Billionaire hedge fund manager David Tepper is reshaping his tech portfolio, cashing out of legacy winners like Oracle, Micron, and Intel to double down on a high‑octane artificial intelligence name that has already surged 31,000% since its market debut. The shift signals that, in his view, the AI trade is moving from broad infrastructure exposure toward more specialized chipmakers that could dominate the next phase of the boom. I see his latest moves as a case study in how a veteran investor harvests gains from mature themes while still leaning hard into the same structural trend.
Rather than walking away from AI, Tepper is rotating within it, trimming positions that have already rerated and recycling capital into a supplier he believes is still early in its growth curve. That kind of pivot, from established platforms to a more focused hardware play, offers a window into how professional money is trying to stay ahead of the next wave of demand for training and running advanced models.
From Intel and Oracle to a new AI champion
The first step in understanding this pivot is the decision to sell down Intel, Micron, and Oracle after a powerful run. Tepper had built positions in these names as the market woke up to the scale of spending needed to support generative AI, then chose to crystallize profits once the easy part of the rerating was behind him. Reporting on his trades notes that he was “taking gains on some of the biggest winners in his portfolio,” a description that fits Intel, Micron, and Oracle after their sharp recovery alongside the broader chip and software complex, and that context helps explain why he would be willing to exit even while the AI narrative remains intact for these companies.

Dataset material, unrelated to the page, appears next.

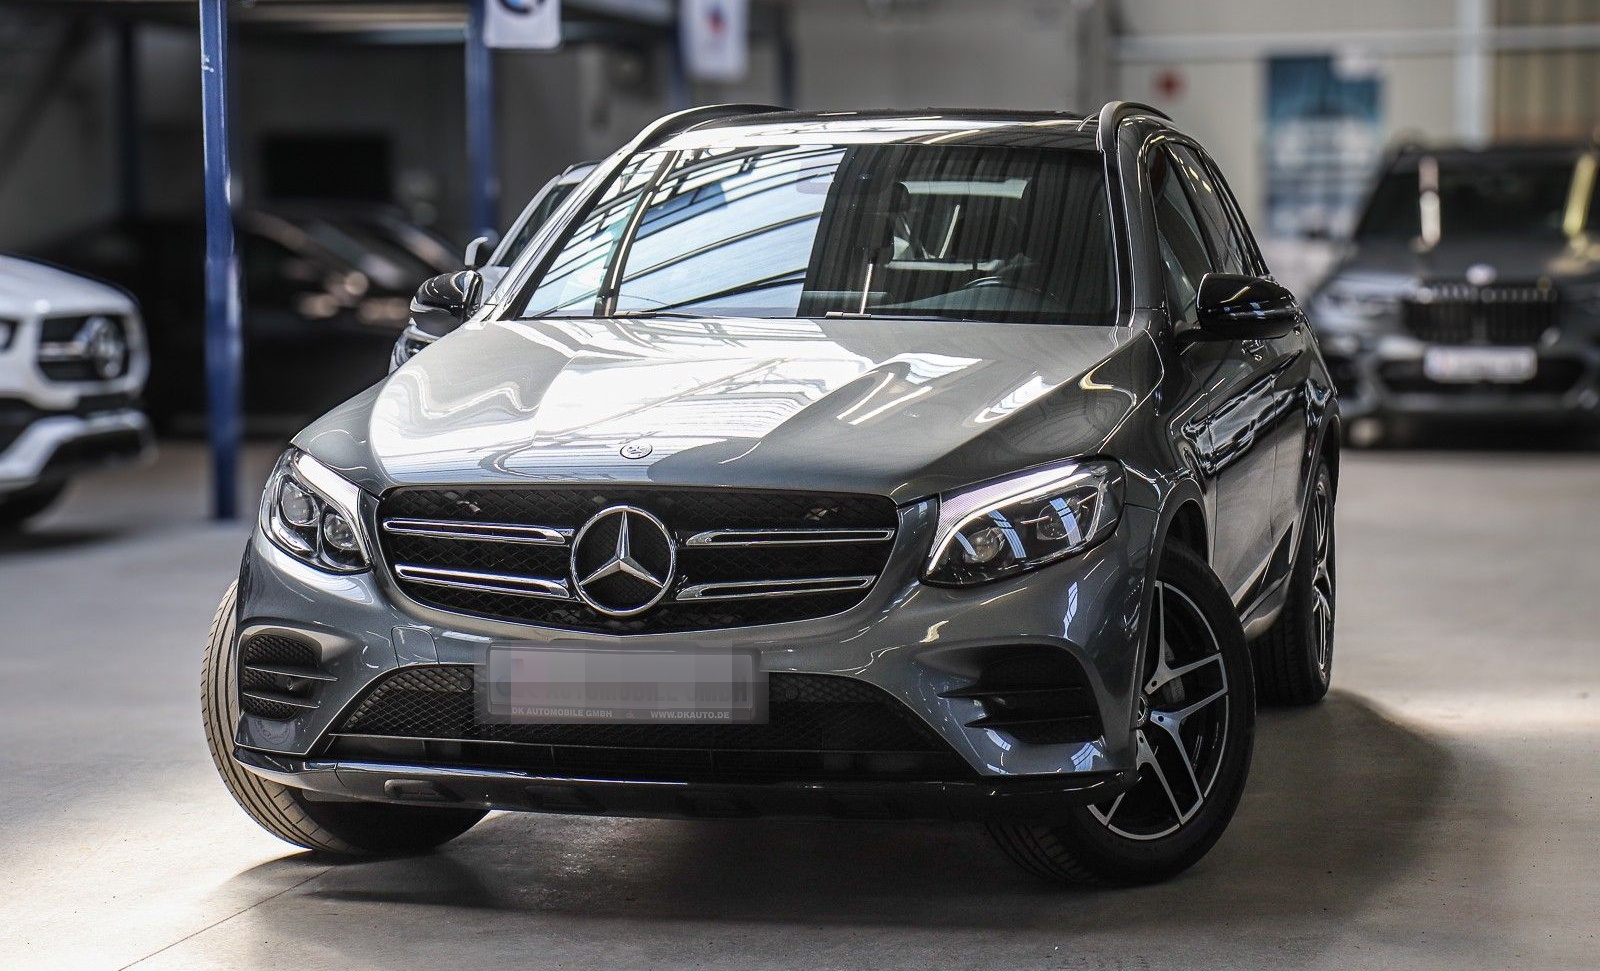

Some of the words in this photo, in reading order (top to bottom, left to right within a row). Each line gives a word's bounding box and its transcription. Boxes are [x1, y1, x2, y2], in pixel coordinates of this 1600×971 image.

[512, 707, 524, 715] DK
[526, 707, 584, 717] AUTOMOBILE
[586, 709, 612, 718] GMBH
[650, 710, 730, 719] WWW.DKAUTO.DE

In Intel’s case, he appears to have moved particularly quickly, with one analysis pointing out that he likely booked a substantial gain on Intel (ticker INTC) within just a few months of building the stake, a classic example of “Taking Profits Off the Table” once a thesis is validated and the valuation catches up to expectations. Oracle, which Tepper started buying in late 2023 as an underappreciated AI infrastructure play, also delivered enough upside that he was comfortable stepping aside despite its ongoing push to build the cloud capacity AI customers need, a pattern that underscores his willingness to treat even high‑conviction ideas as trading vehicles once the risk‑reward skews less favorably.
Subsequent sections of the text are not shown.